Elektrisch, aber noch ohne technische Eckdaten
Fest steht: Project Nightingale fährt vollelektrisch. Rolls-Royce sieht darin nicht nur einen Antrieb, sondern ein Mittel, das eigene Markenversprechen von müheloser Kraft und Ruhe weiterzuschärfen. Technische Details will die Marke im Rahmen des globalen Test- und Entwicklungsprogramms nachreichen.
Erhältlich ist Project Nightingale ausschließlich auf Einladung für Kunden mit besonderer Affinität zum Rolls-Royce Design.
Mit Project Nightingale positioniert Rolls-Royce die Coachbuild Collection als neue Spitze seiner Designarbeit. Der Wagen verbindet Henry Royces Experimentiergeist, Art-déco-Glamour und elektrisches Reisen zu einem bewusst exklusiven Automobil. Weitere Informationen zu Technik, Fahrzeug und Kundenerlebnissen folgen während der Erprobung. Die Auslieferung der 100 Exemplare soll 2028 beginnen.

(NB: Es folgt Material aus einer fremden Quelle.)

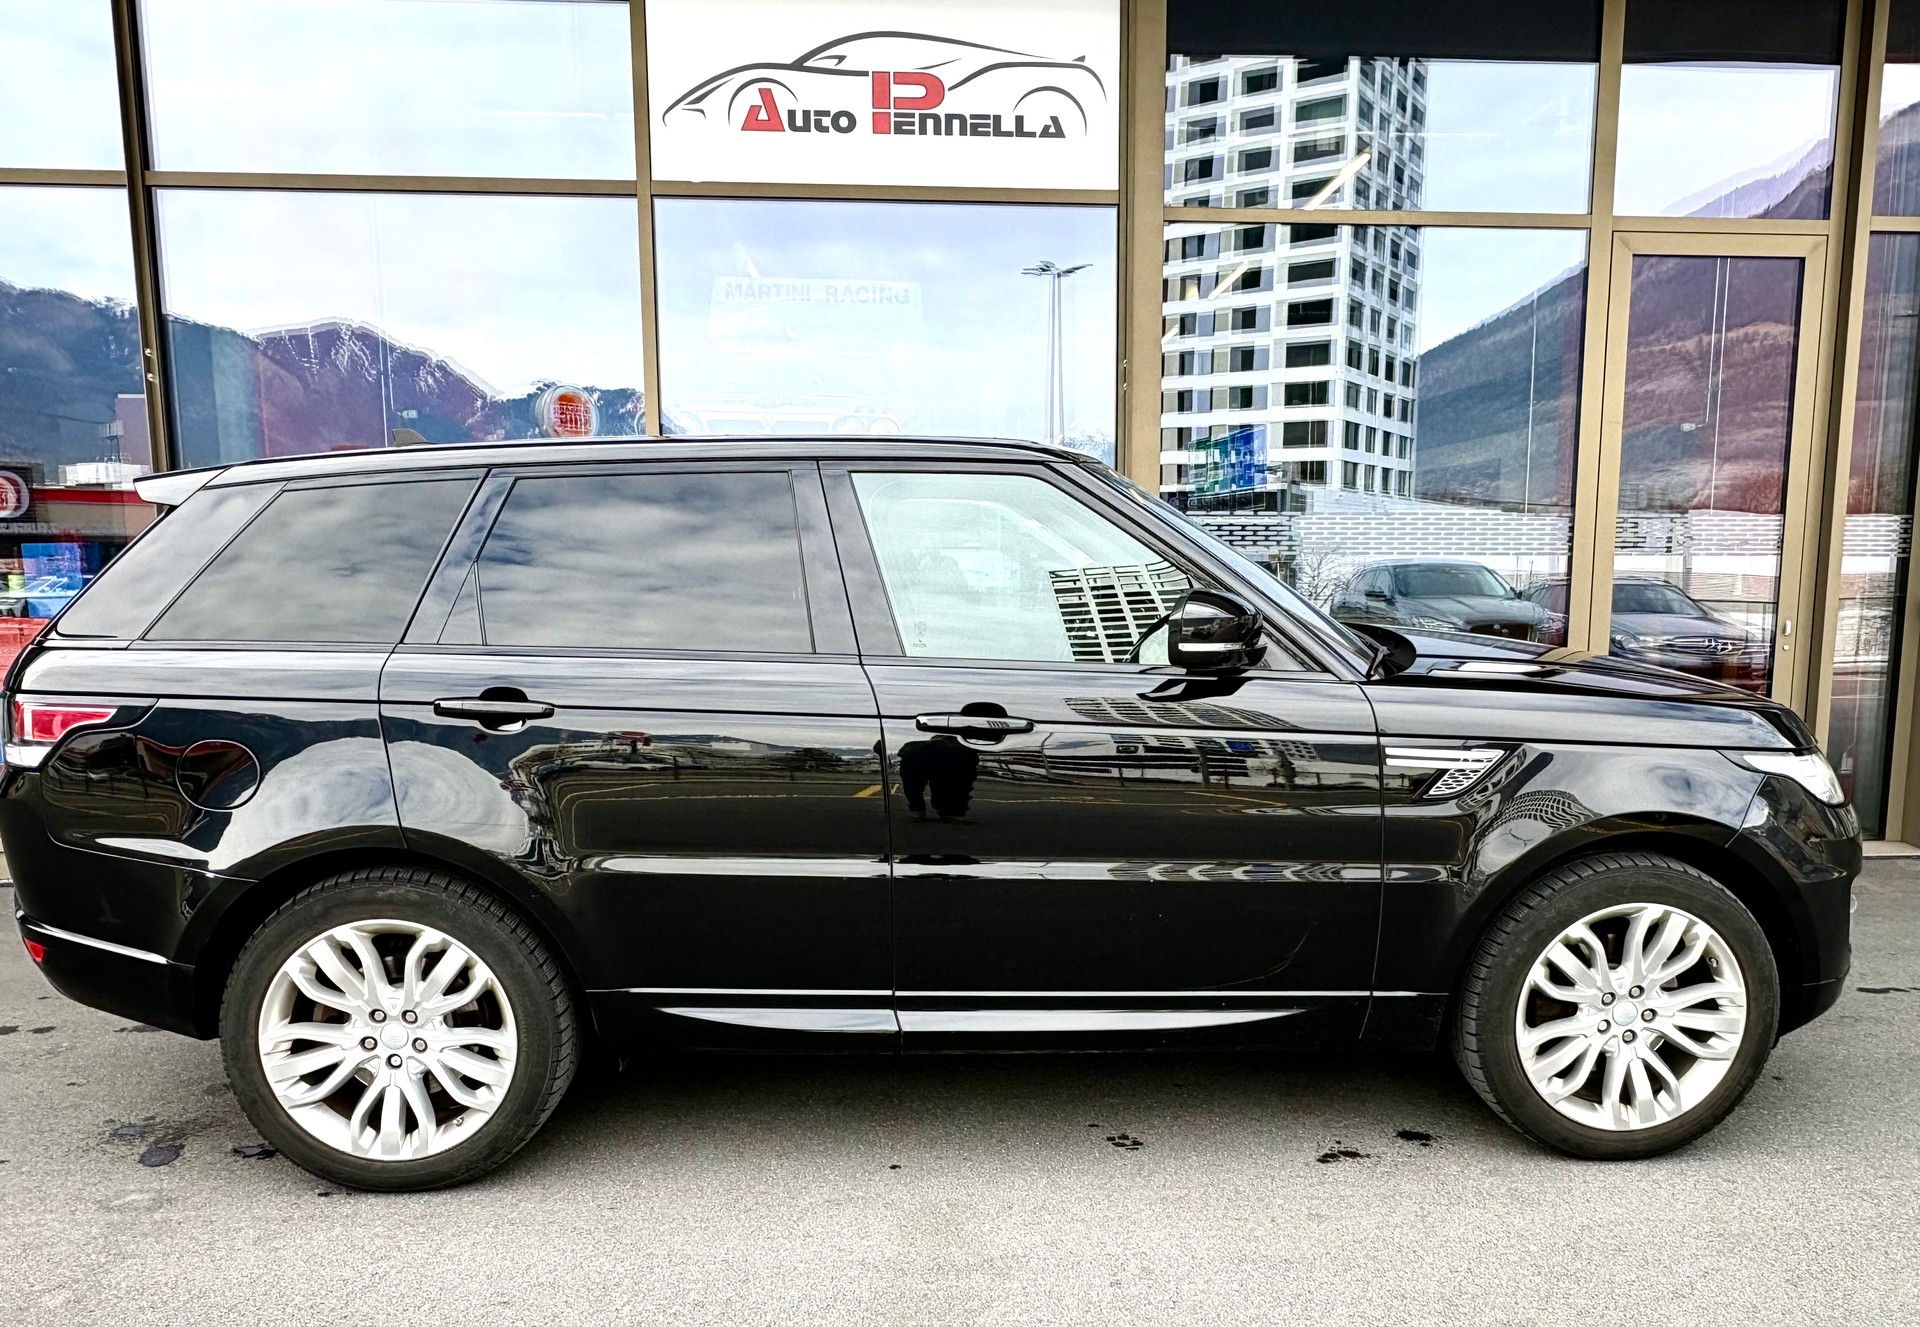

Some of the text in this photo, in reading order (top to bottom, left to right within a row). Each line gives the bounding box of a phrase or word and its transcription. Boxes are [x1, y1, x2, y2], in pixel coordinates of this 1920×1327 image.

Fazit: Project Nightingale wirkt wie ein Versuch, das klassische Rolls-Royce Versprechen in die elektrische Zukunft zu übersetzen: nicht lauter, schneller oder aggressiver, sondern leiser, glatter und persönlicher. Ob daraus mehr wird als ein spektakuläres Designversprechen, zeigen die kommenden technischen Details. Schon jetzt aber macht der Coachbuild deutlich, wohin Rolls-Royce seine exklusivsten Automobile entwickeln will.